Saved entries ::
------------------------------------------------------------

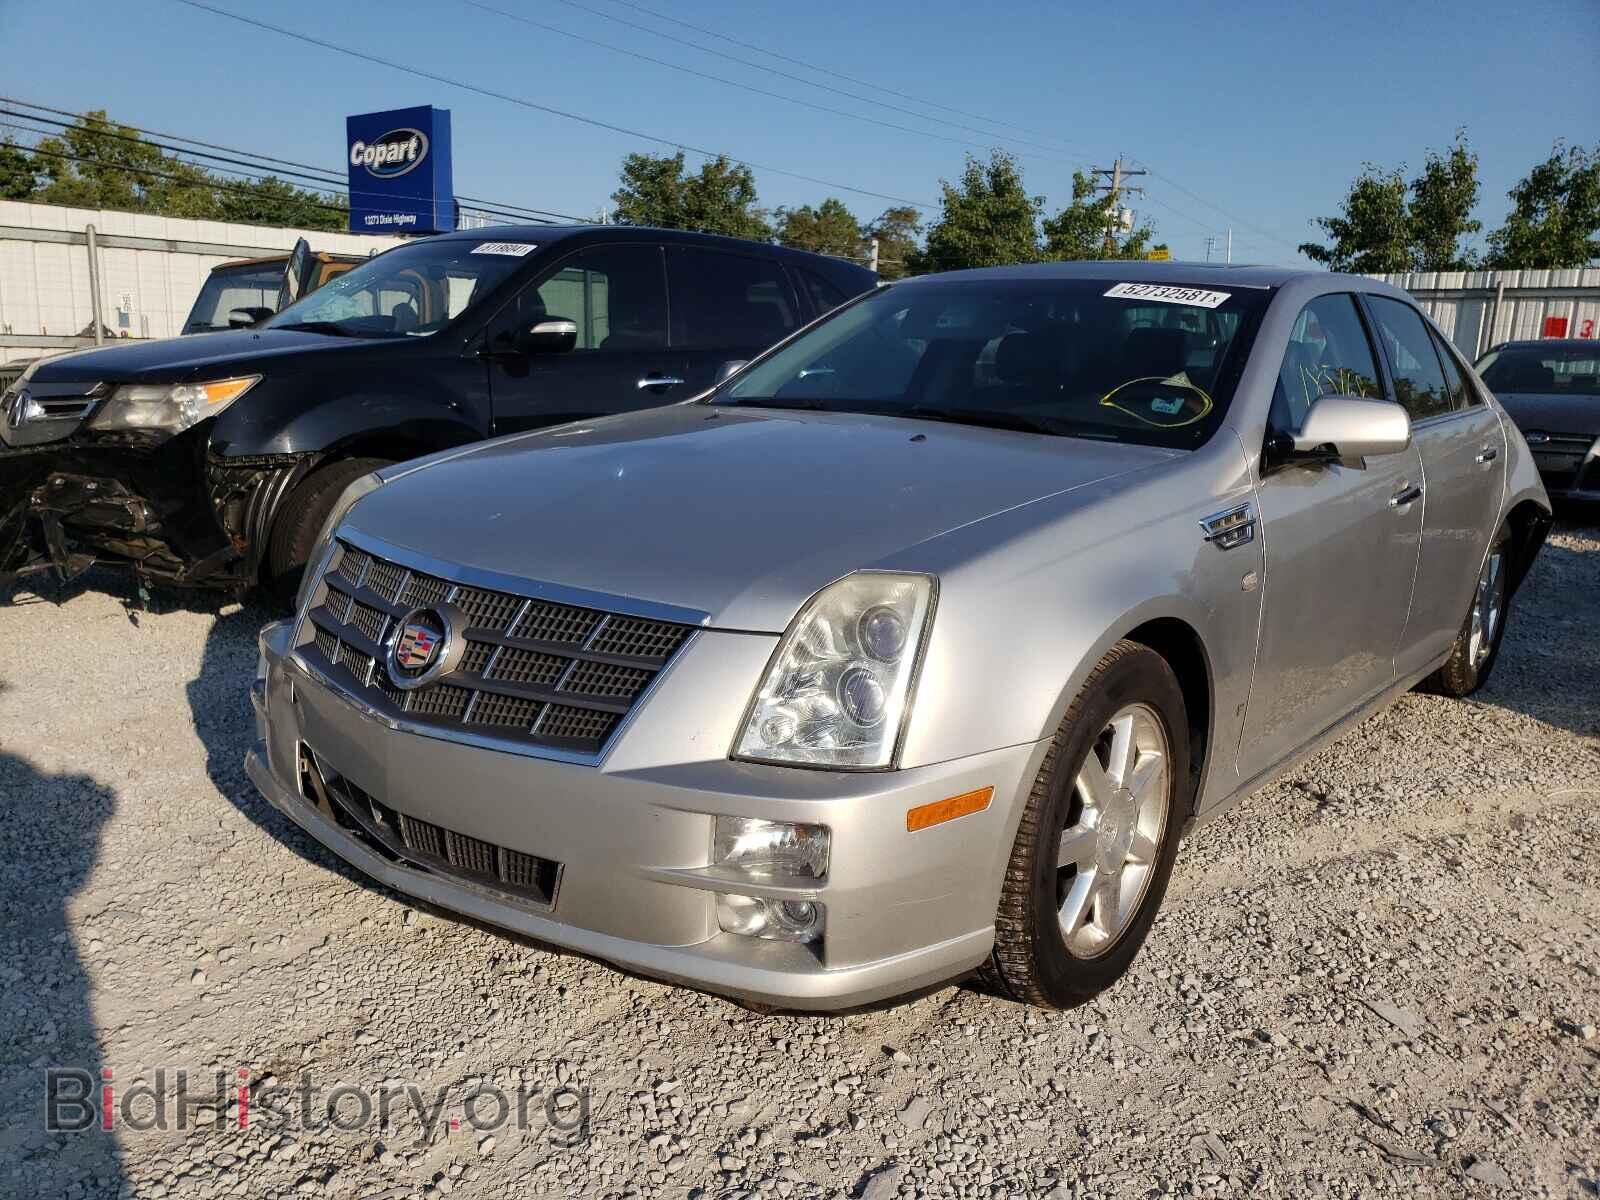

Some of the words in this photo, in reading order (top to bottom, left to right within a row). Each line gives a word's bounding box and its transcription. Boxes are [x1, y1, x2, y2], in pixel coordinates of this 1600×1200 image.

[350, 134, 418, 170] Copart
[364, 215, 380, 225] 13273
[380, 214, 393, 224] Dixie
[393, 213, 417, 226] Highway
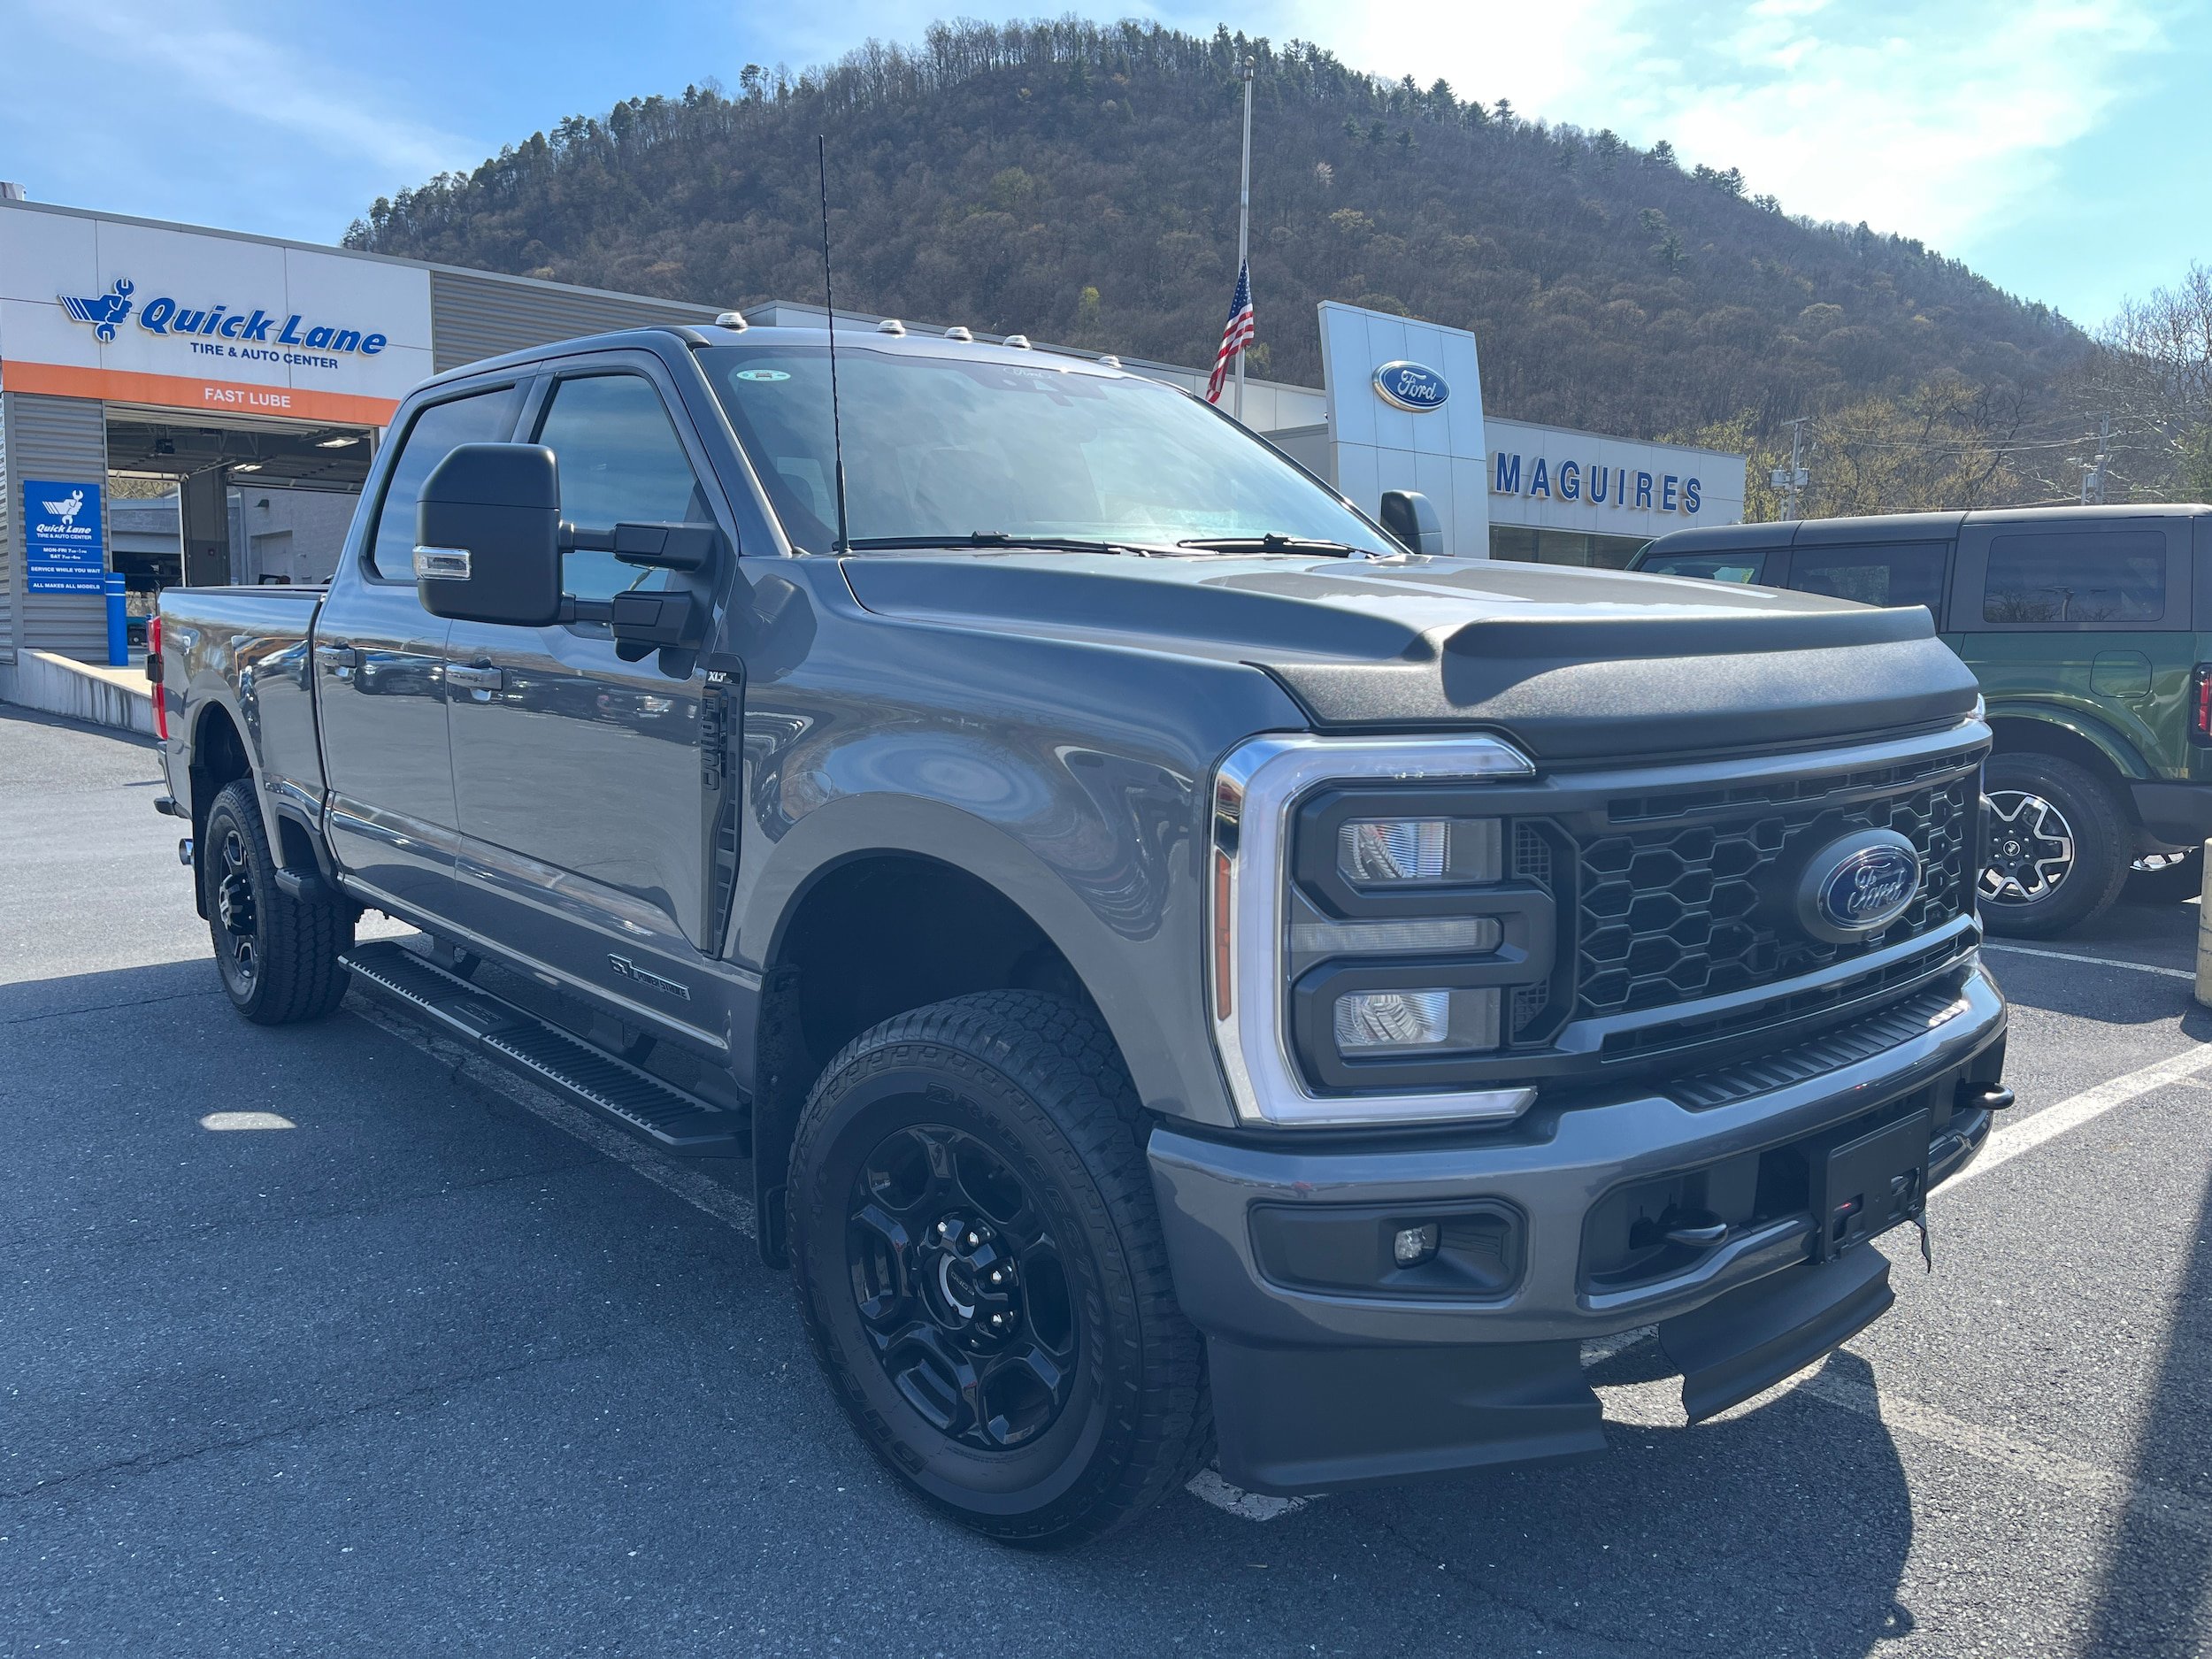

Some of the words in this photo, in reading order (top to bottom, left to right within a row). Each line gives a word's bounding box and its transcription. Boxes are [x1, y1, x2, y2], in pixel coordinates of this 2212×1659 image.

[139, 296, 273, 341] Quick
[279, 313, 388, 356] Lane
[190, 342, 224, 356] TIRE
[228, 346, 237, 357] &
[241, 348, 280, 362] AUTO
[283, 353, 339, 369] CENTER
[204, 387, 244, 404] FAST
[250, 390, 291, 408] LUBE
[1397, 368, 1438, 401] Ford
[1494, 451, 1701, 515] MAGUIRES
[36, 524, 65, 533] Quick
[708, 671, 726, 683] XLT
[1847, 861, 1908, 914] Ford

------------------------------------------------------------

EXERCISE REQUIREMENTS :: Could you print exactly the lines from the one containing "this 2212×1659 image." through the last line of the records above?

SOLUTION FOR THIS PROBLEM ::
Some of the words in this photo, in reading order (top to bottom, left to right within a row). Each line gives a word's bounding box and its transcription. Boxes are [x1, y1, x2, y2], in pixel coordinates of this 2212×1659 image.

[139, 296, 273, 341] Quick
[279, 313, 388, 356] Lane
[190, 342, 224, 356] TIRE
[228, 346, 237, 357] &
[241, 348, 280, 362] AUTO
[283, 353, 339, 369] CENTER
[204, 387, 244, 404] FAST
[250, 390, 291, 408] LUBE
[1397, 368, 1438, 401] Ford
[1494, 451, 1701, 515] MAGUIRES
[36, 524, 65, 533] Quick
[708, 671, 726, 683] XLT
[1847, 861, 1908, 914] Ford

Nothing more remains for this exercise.